How to Teach the Nature of Science?

     I am slowly finding a little more on teaching the Nature of Science. The source I have most recently found has proven to be a good one. It describes the nature of science as "key principles and ideas which provide a description of science as a way of knowing, as well as characteristics of scientific knowledge." I think this is a great way to put it. It doesn't make science out as a set in stone step-by-step process. This way it seems inviting. Often times this aspect gets lost in a classroom and teachers resort to the step-by-step procedures of science. It is great that the education world is finally leaving the chains of the scientific method behind. "Scientific knowledge is tentative." This simple sentence is breaking the mold for science education. If scientific knowledge itself is tentative, then the process in which we gain the knowledge is also tentative. 
     The first thing many of us learned in science was the scientific method. This is how science works, right? WRONG. "The danger in this approach is not only that learning the scientific method is a bummer to students, but that it is also quite restrictive in its scope. Scientists usually do not walk through the method sequentially. They often bounce around, perhaps forming a new hypothesis during experimentation. Studies in which no experimentation is performed are also valid scientific studies, but do not follow the scientific method." This quote put it all into perspective for me, and its so true. What is being taught to kids in most science classrooms is not what science is like in the real world. Students are getting only a very standard, and incorrect view of science when they are seeing it through the lenses of the scientific method.

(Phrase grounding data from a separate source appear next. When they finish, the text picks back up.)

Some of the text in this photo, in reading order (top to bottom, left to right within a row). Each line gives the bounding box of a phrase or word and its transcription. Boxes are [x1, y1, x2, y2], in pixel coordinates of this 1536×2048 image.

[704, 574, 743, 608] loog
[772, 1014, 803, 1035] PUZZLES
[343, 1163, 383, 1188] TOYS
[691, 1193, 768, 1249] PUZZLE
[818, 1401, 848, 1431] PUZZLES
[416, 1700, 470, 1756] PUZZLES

For the source of the quotations and additional information, Click Here.

2 comments:

  1. I enjoyed reading the link you used as the focus of your post. The author wrote it very clear and organized, which makes it a good tool for teachers to have and for older students to have access to as well.

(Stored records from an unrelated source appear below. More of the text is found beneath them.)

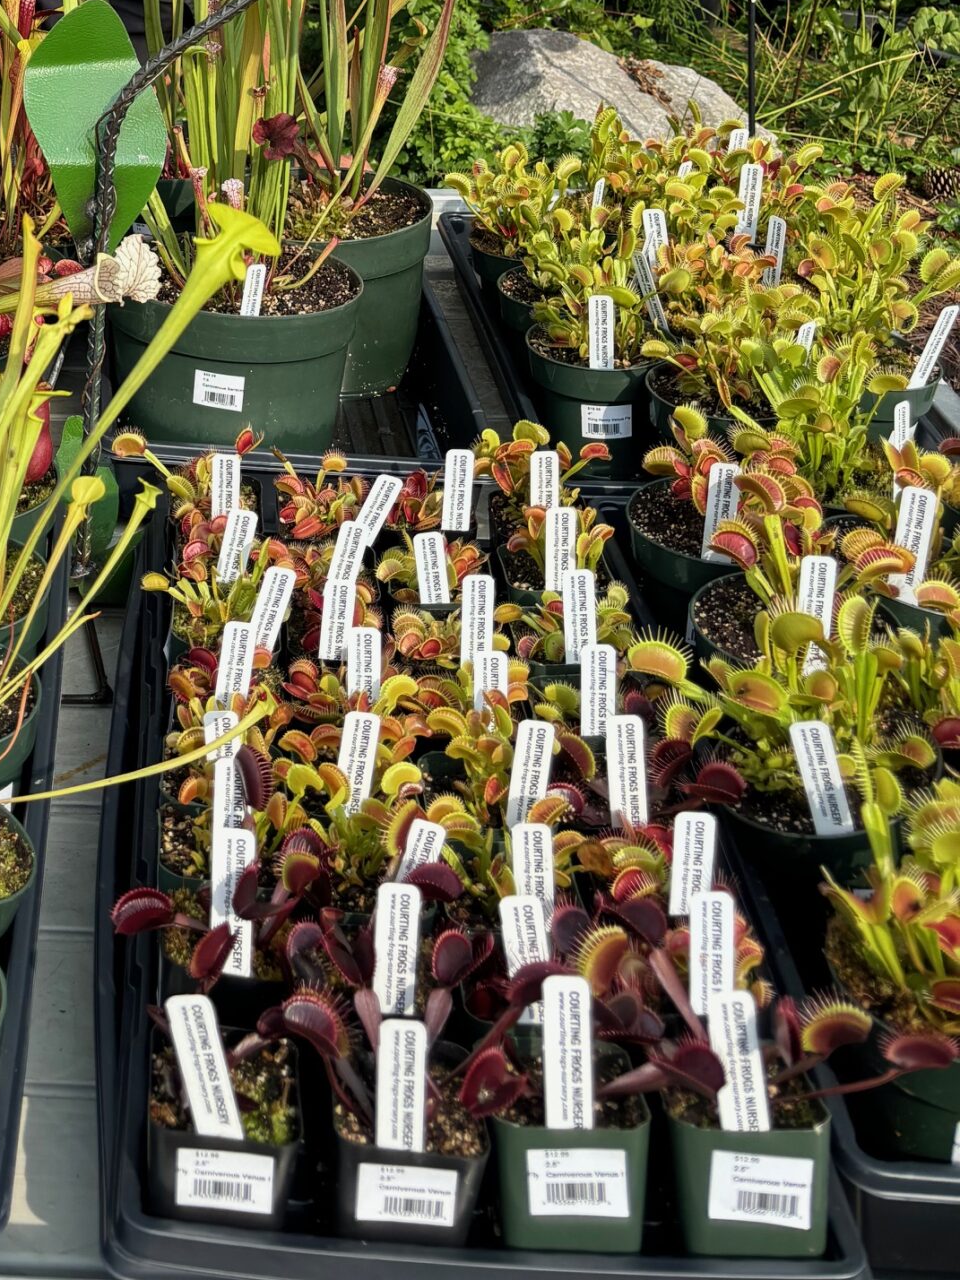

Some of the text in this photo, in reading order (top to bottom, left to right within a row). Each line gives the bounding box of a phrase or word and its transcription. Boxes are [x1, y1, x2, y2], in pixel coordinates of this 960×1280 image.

[750, 168, 758, 191] COURTING
[652, 213, 663, 238] COURTING
[253, 269, 261, 298] COURTING
[376, 481, 396, 513] COURTING
[455, 455, 467, 530] COURTING FROGS NURS
[721, 469, 733, 519] COURTING FROGS
[237, 516, 250, 548] COURTING
[561, 513, 569, 547] COURTING
[910, 495, 927, 554] COURTING FROGS
[342, 527, 363, 581] COURTING FROGS
[427, 537, 442, 592] COURTING FROGS
[272, 574, 288, 609] COURTING
[478, 581, 486, 615] COURTING
[578, 576, 587, 611] COURTING
[816, 563, 827, 598] COURTING
[264, 609, 277, 632] FROGS
[337, 586, 347, 620] COURTING
[335, 622, 344, 644] FROGS
[580, 614, 588, 636] FROGS
[232, 629, 249, 692] COURTING FROGS
[364, 634, 372, 672] COURTING
[598, 651, 606, 690] COURTING
[598, 693, 607, 718] FROGS
[358, 719, 372, 759] COURTING
[532, 728, 546, 768] COURTING
[354, 760, 366, 786] FROGS
[528, 770, 541, 796] FROGS
[625, 723, 640, 827] COURTING FROGS NURSER
[809, 727, 843, 828] COURTING FROGS NURSERY
[532, 831, 544, 872] COURTING
[693, 821, 704, 865] COURTING
[523, 905, 538, 952] COURTING
[712, 901, 722, 950] COURTING
[395, 894, 410, 1014] COURTING FROGS NURSER
[712, 954, 722, 984] FROGS
[191, 1004, 230, 1126] COURTING FROGS NURSERY
[569, 992, 583, 1129] COURTING FROGS NURSER
[732, 1002, 759, 1132] COURTING FROGS NURSE
[402, 1031, 415, 1150] COURTING FROGS NURSER

    I liked the section in the link that talked about students writing in their journal during and after experimentation. They suggested students to write uncertainties and observations in their journal during. I find this a great way for kids to question, discuss, and reflect on their work. After experimentation they encouraged having students de-bunk the scientific method by trying to fit their experiences into the method order. It wouldn't take more than 1 time for most students to see that science is not a step by step procedure!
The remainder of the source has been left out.